_Task:_
All of the entries should be restated word for word, but without their pictures.

_Excerpted data:_
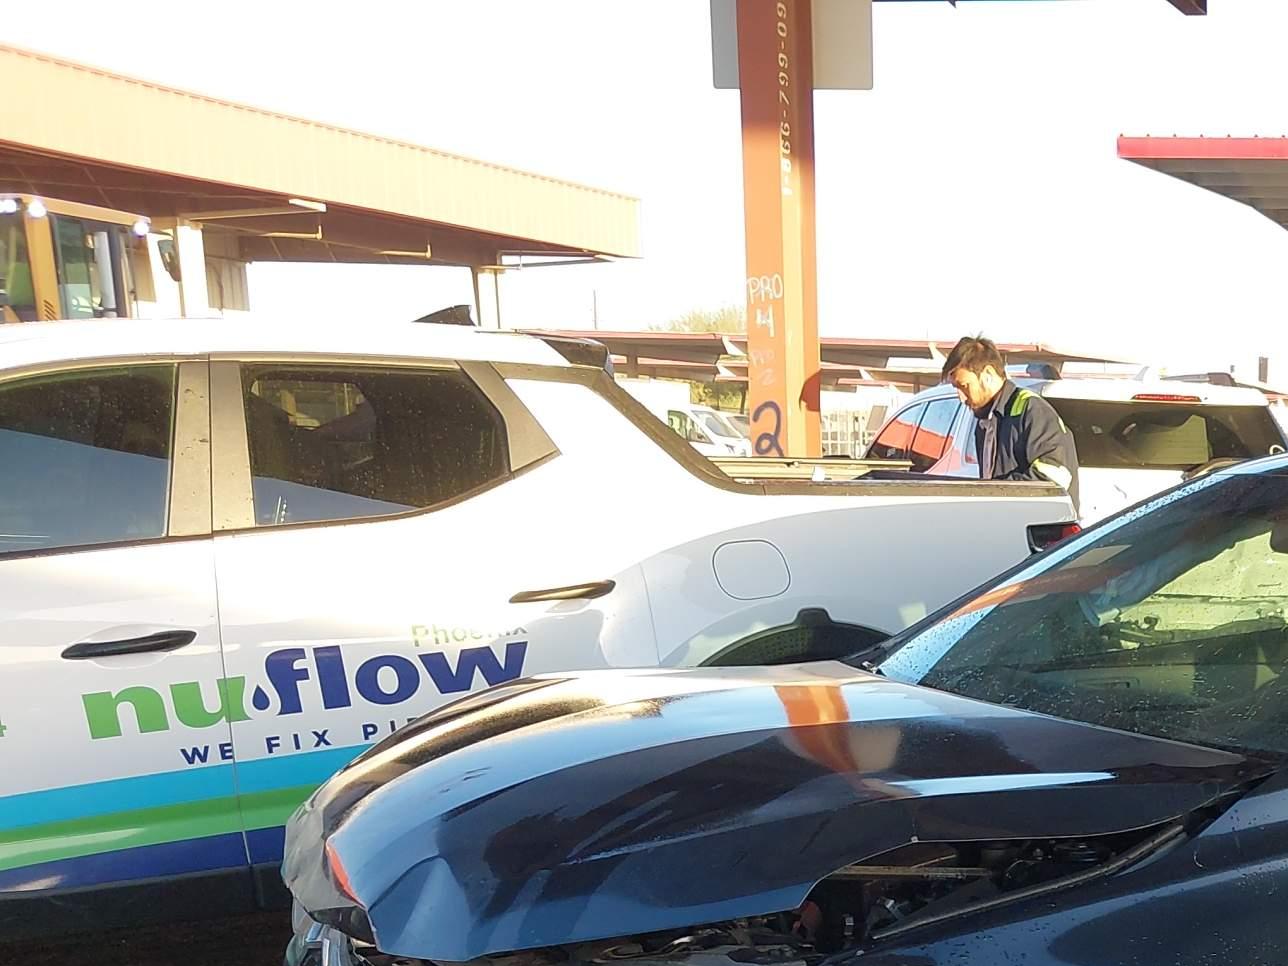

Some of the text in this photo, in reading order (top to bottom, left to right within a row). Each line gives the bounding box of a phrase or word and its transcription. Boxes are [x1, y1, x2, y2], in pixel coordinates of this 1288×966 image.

[747, 274, 784, 304] PRO
[756, 304, 775, 337] 4
[752, 400, 785, 457] 2
[412, 624, 528, 648] Phoex
[180, 742, 236, 765] WE
[266, 729, 331, 754] FIX
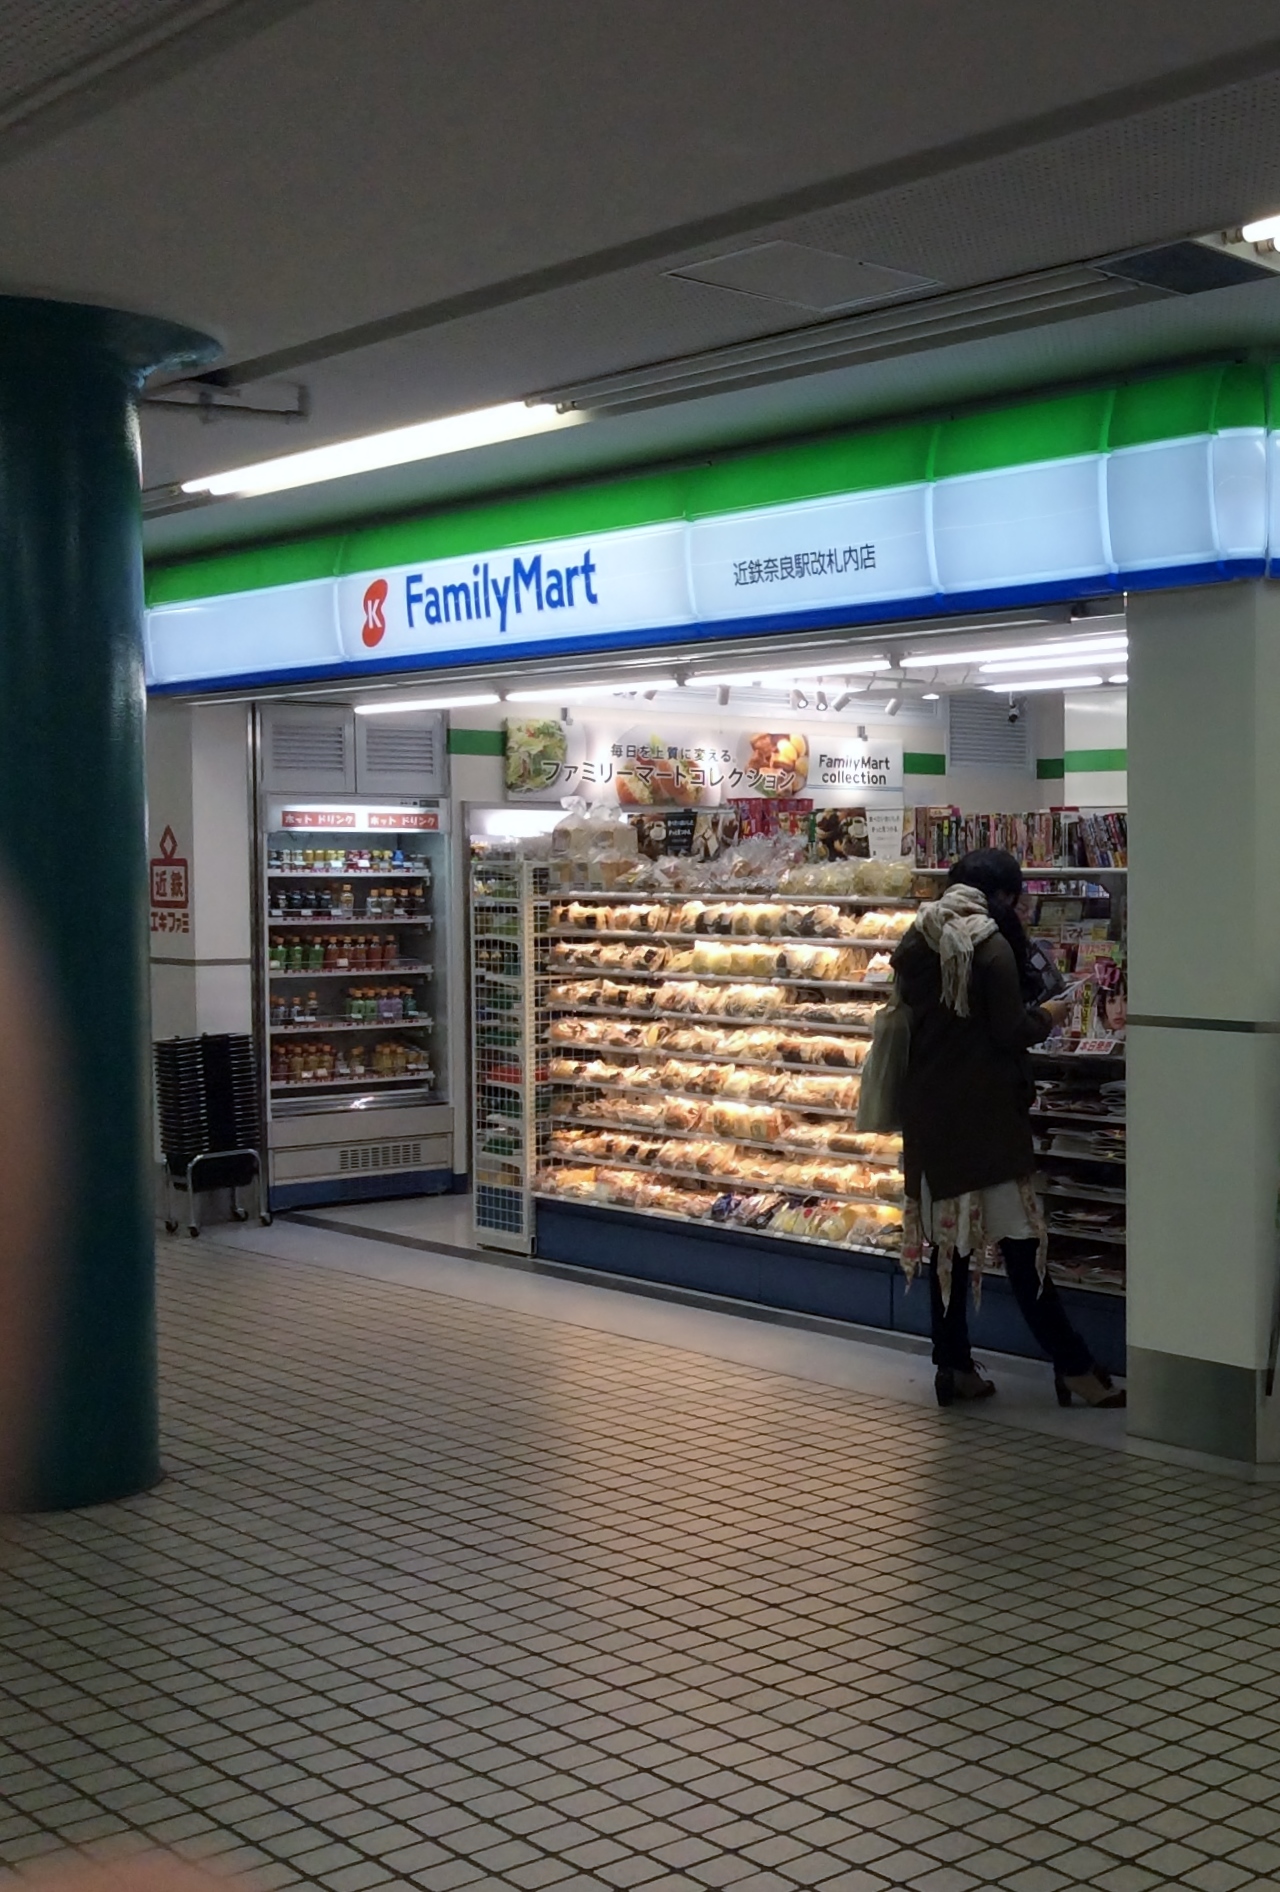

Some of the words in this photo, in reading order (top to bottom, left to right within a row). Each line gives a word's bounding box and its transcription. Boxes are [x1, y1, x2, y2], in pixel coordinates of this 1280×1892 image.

[733, 543, 876, 586] 近鉄奈良駅改札内店
[406, 549, 598, 632] FamilyMart
[818, 753, 891, 772] FamilyMart
[541, 760, 797, 791] ファミリーマートコレクション
[821, 770, 888, 785] collection
[318, 815, 354, 825] ドリンク
[370, 816, 396, 826] ホット
[402, 817, 435, 827] ドリンク
[155, 870, 184, 898] 近鉄
[150, 911, 189, 933] エキファミ
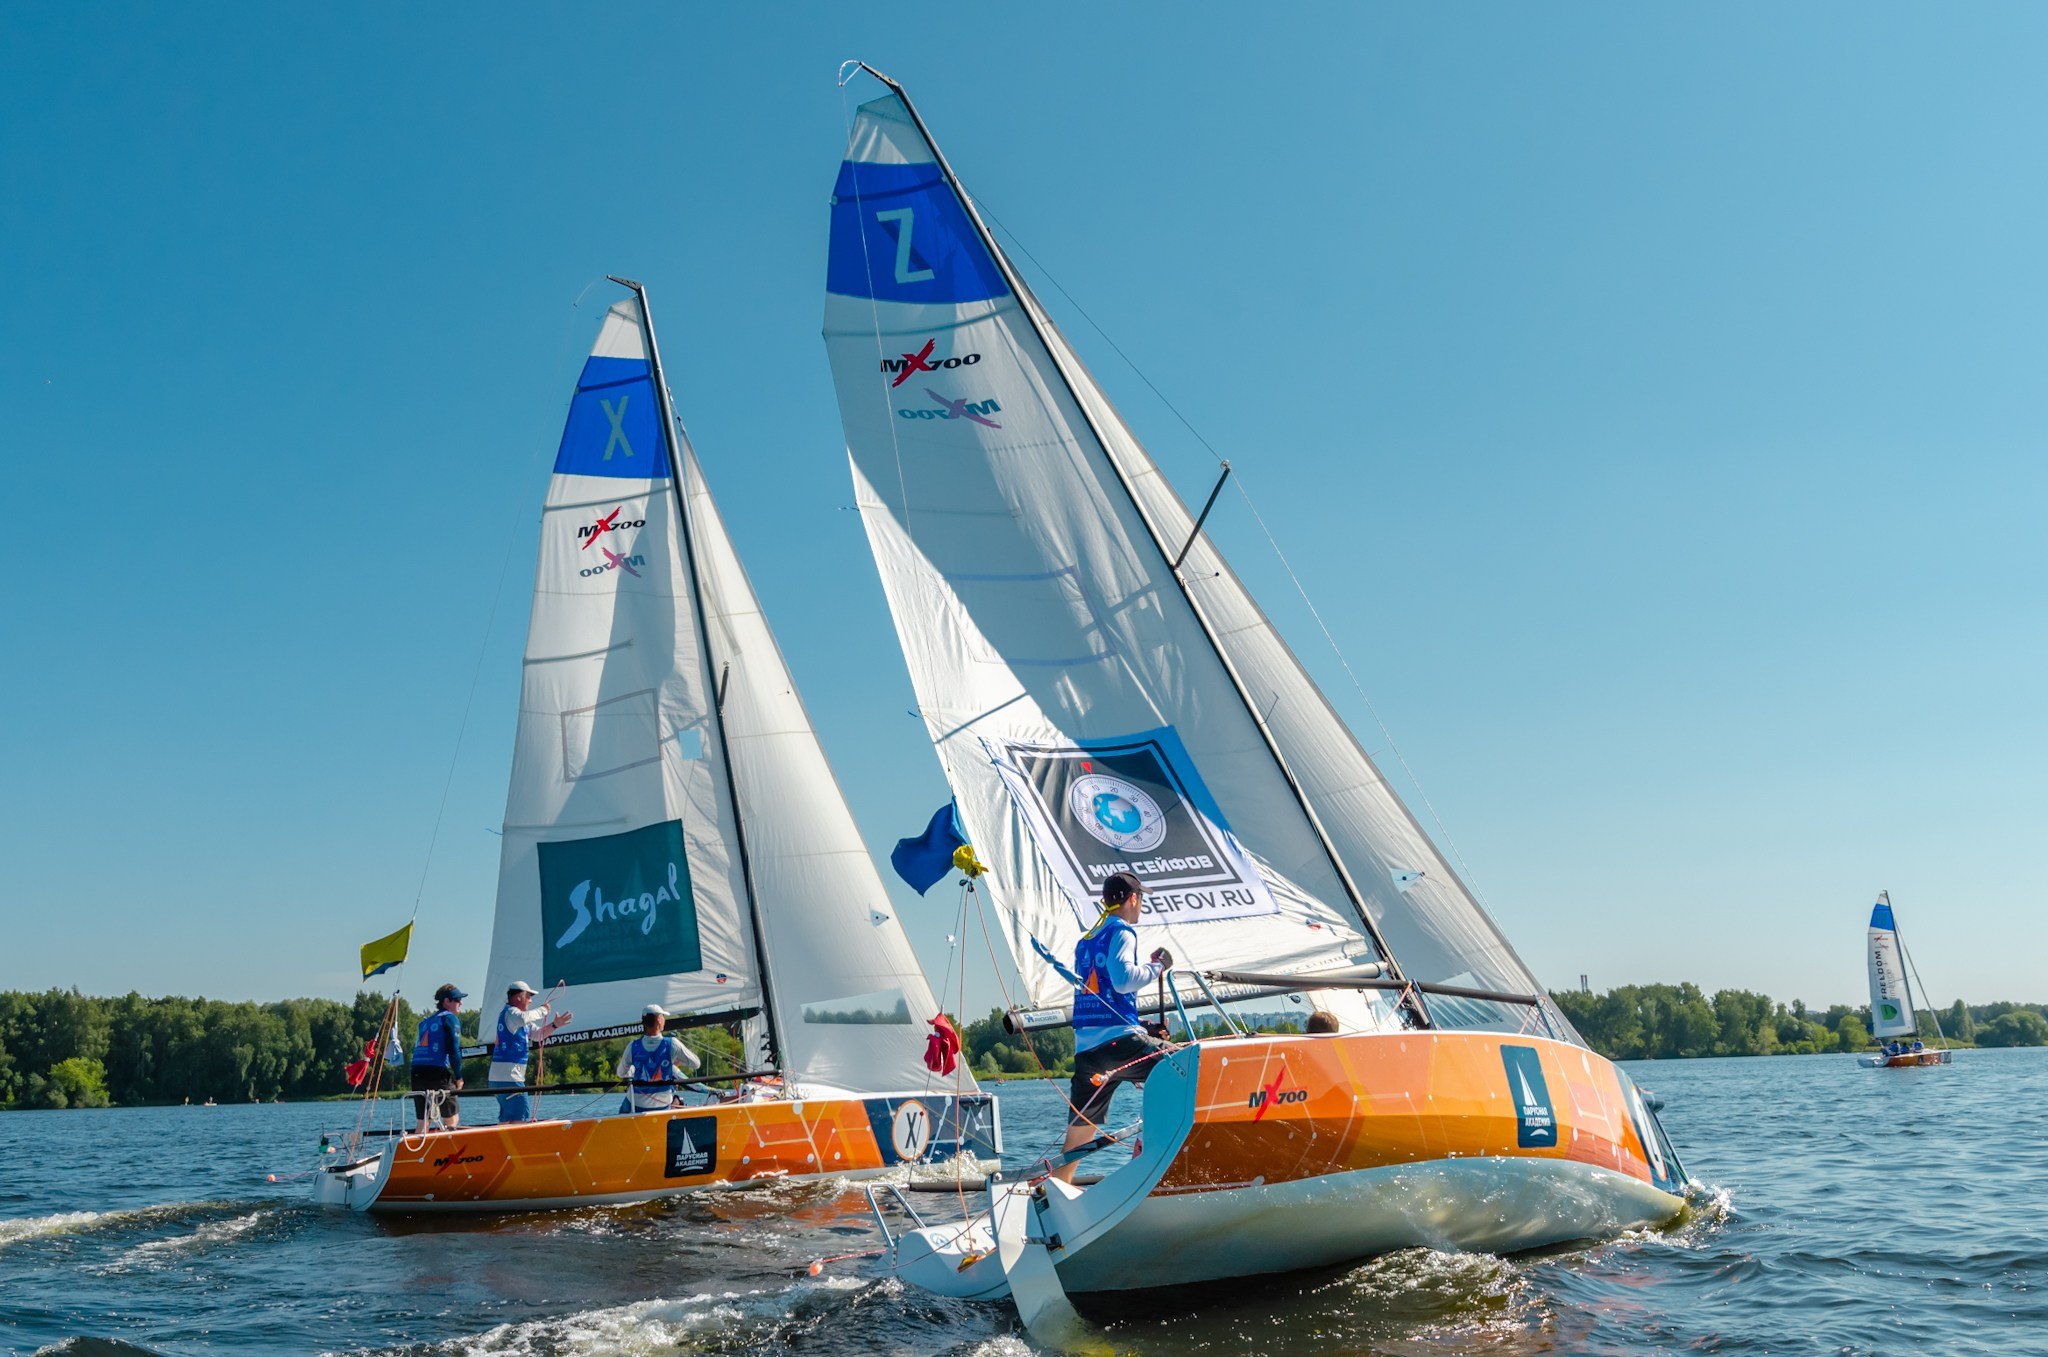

_The answer:_
Some of the text in this photo, in reading order (top to bottom, left to right within a row). Each line gives the bounding box of a phrase or word and its transcription. Boxes are [x1, y1, x2, y2], in pixel coordinates of this 1288×966 image.

[747, 274, 784, 304] PRO
[756, 304, 775, 337] 4
[752, 400, 785, 457] 2
[412, 624, 528, 648] Phoex
[180, 742, 236, 765] WE
[266, 729, 331, 754] FIX

Some of the words in this photo, in reading order (top to bottom, left to right within a row). Each line gives a word's bounding box and its transcription. Boxes are [x1, y1, x2, y2], in pixel coordinates of this 1280×1892 image.

[733, 543, 876, 586] 近鉄奈良駅改札内店
[406, 549, 598, 632] FamilyMart
[818, 753, 891, 772] FamilyMart
[541, 760, 797, 791] ファミリーマートコレクション
[821, 770, 888, 785] collection
[318, 815, 354, 825] ドリンク
[370, 816, 396, 826] ホット
[402, 817, 435, 827] ドリンク
[155, 870, 184, 898] 近鉄
[150, 911, 189, 933] エキファミ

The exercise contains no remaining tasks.